The remarkable feature of our case was that PRs had not occurred for 10 years after the completion of anti-TB drugs. A literature review indicated a high propensity of PRs for CNS involvement in comparison to other sites [5, 13], and the time of onset of PRs in CNS tuberculosis appears to be longer than the time of onset at other sites [1, 13]. These findings may be attributed to frequent brain MRI and/or CT scans conducted for patients with CNS lesions, considering the nature of these lesions, which are likely to result in the manifestation of symptoms leading to disease progression. Reportedly, a majority of post-treatment tuberculous lymph node enlargements resolve spontaneously without further anti-TB treatment [14], and the recurrence of PRs has been observed in one-third cases of CNS tuberculosis that manifest PRs [5]. Whether PRs cause clinical problems is probably dependent on their size and the anatomical location of the tuberculomas and exudates [2, 5, 15]. Based on these facts, we assume that our patient silently repeated subclinical relapse and remission of PRs, and it has been 10 years since she experienced symptoms of PRs. In addition, there is a possibility that the presence of the VP shunt alleviated the symptoms by adjusting the intracranial pressure. As far as we could research, to date, only two cases of PRs of CNS tuberculosis after the completion of the anti-TB treatment have been reported, and both used an inserted VP shunt to treat hydrocephalus [16]. The patency of the VP shunt in our patient was checked regularly, which prevented hydrocephalus and could have fortunately masked the symptoms even when the tuberculomas obstructed the CSF flow. Thus, we speculate that PRs took a longer time to become apparent.

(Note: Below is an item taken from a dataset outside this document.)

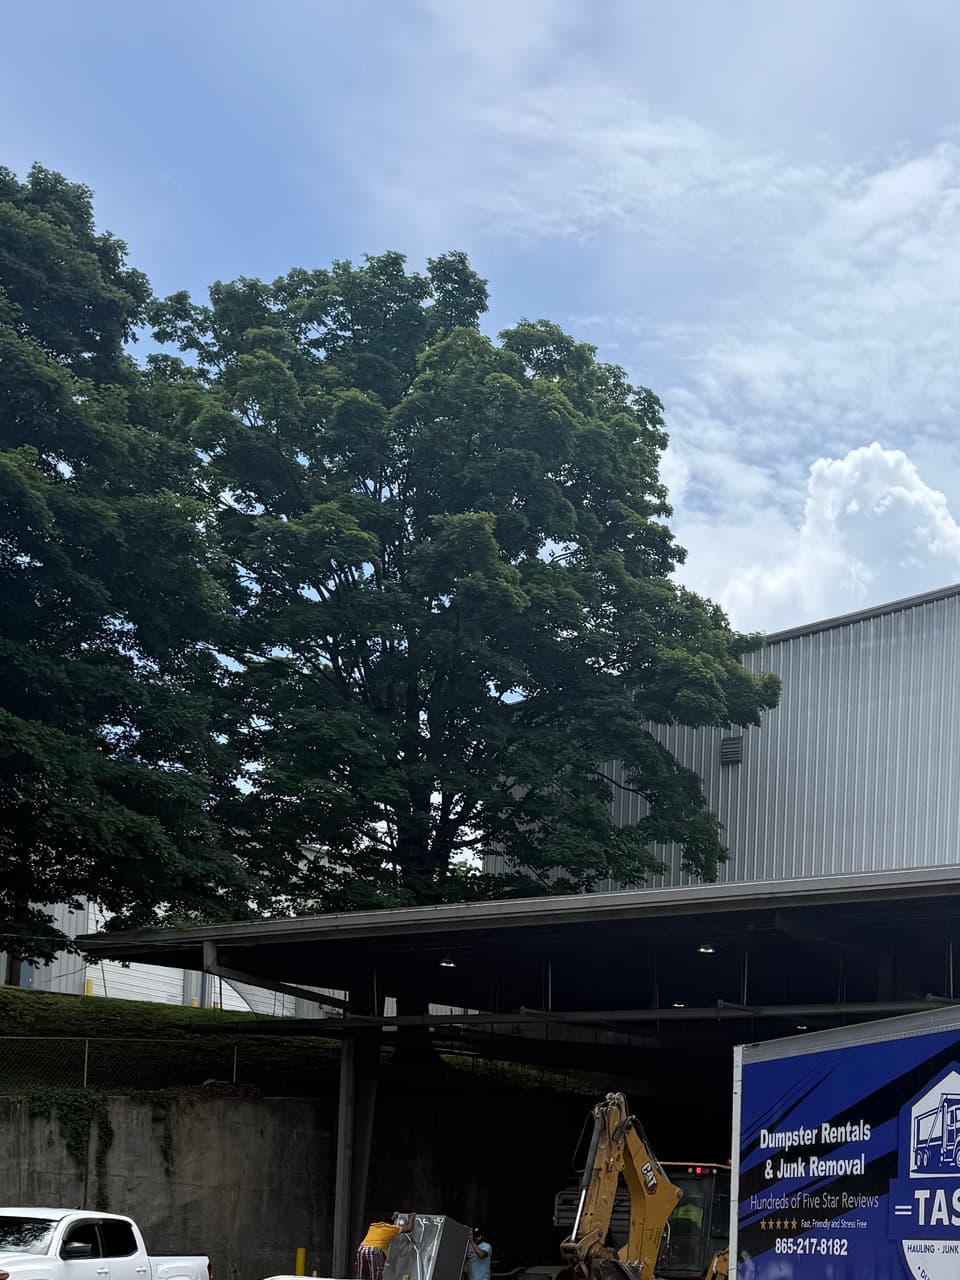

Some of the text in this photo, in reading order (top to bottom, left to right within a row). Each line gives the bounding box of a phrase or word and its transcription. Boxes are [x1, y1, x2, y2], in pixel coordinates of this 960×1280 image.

Whether a lesion is a relapse of CNS tuberculosis or post-treatment PRs remains a clinical challenge when a new tuberculoma or the enlargement of pre-existing tuberculomas is detected after the completion of tuberculous meningitis treatment. Notably, our patient also had asymptomatic residual tuberculomas in the basal cistern. Thwaites et al. reported that 50% of those who demonstrated a complete recovery from tuberculous meningitis reveal asymptomatic tuberculomas on MRI after 270 days of the treatment [15]. Although no consensus guidelines exist to indicate the management of asymptomatic remnant tuberculomas, we should judiciously trace it by MRI for early intervention.

Although the treatment of post-treatment PRs remains to be established, the use of corticosteroids or surgical resection is a choice for treatment. Anecdotal evidence has suggested that the use of corticosteroids reduces symptoms and inflammation in approximately 50% of patients with PRs of CNS tuberculosis [6]. A majority of previous reports have suggested that the lesion of post-treatment PRs is sterile and culture-negative and have proposed that additional anti-TB treatment might not be essential in late-onset PRs [1, 17]. Overall, corticosteroids appear to be safe, at least when the isolated M. tuberculosis is susceptible to the first-line anti-TB therapy and when given appropriately for a certain specified period. However, some severe cases are refractory to corticosteroids, and symptoms of PRs persist and worsen. In such cases, alternative anti-inflammatory agents have been tried, and some case reports suggest the use of thalidomide [18, 19], tissue necrosis factor-α antagonists [20, 21], and interferon-γ [22] for PRs resistant to corticosteroids. Nevertheless, further studies are warranted to elucidate the effective therapy and mechanism of post-treatment PRs.

In summary, clinicians should be aware that PRs can occur long after the completion of tuberculous meningitis treatment, thereby necessitating a precise diagnosis with MRI for the early detection of post-treatment paradoxical tuberculomas. In such cases, corticosteroids remain a choice for treatment of post-treatment PRs and are seemingly safe, at least when the isolated M. tuberculosis is susceptible to the first-line anti-TB therapy and when given sufficiently for a specified period.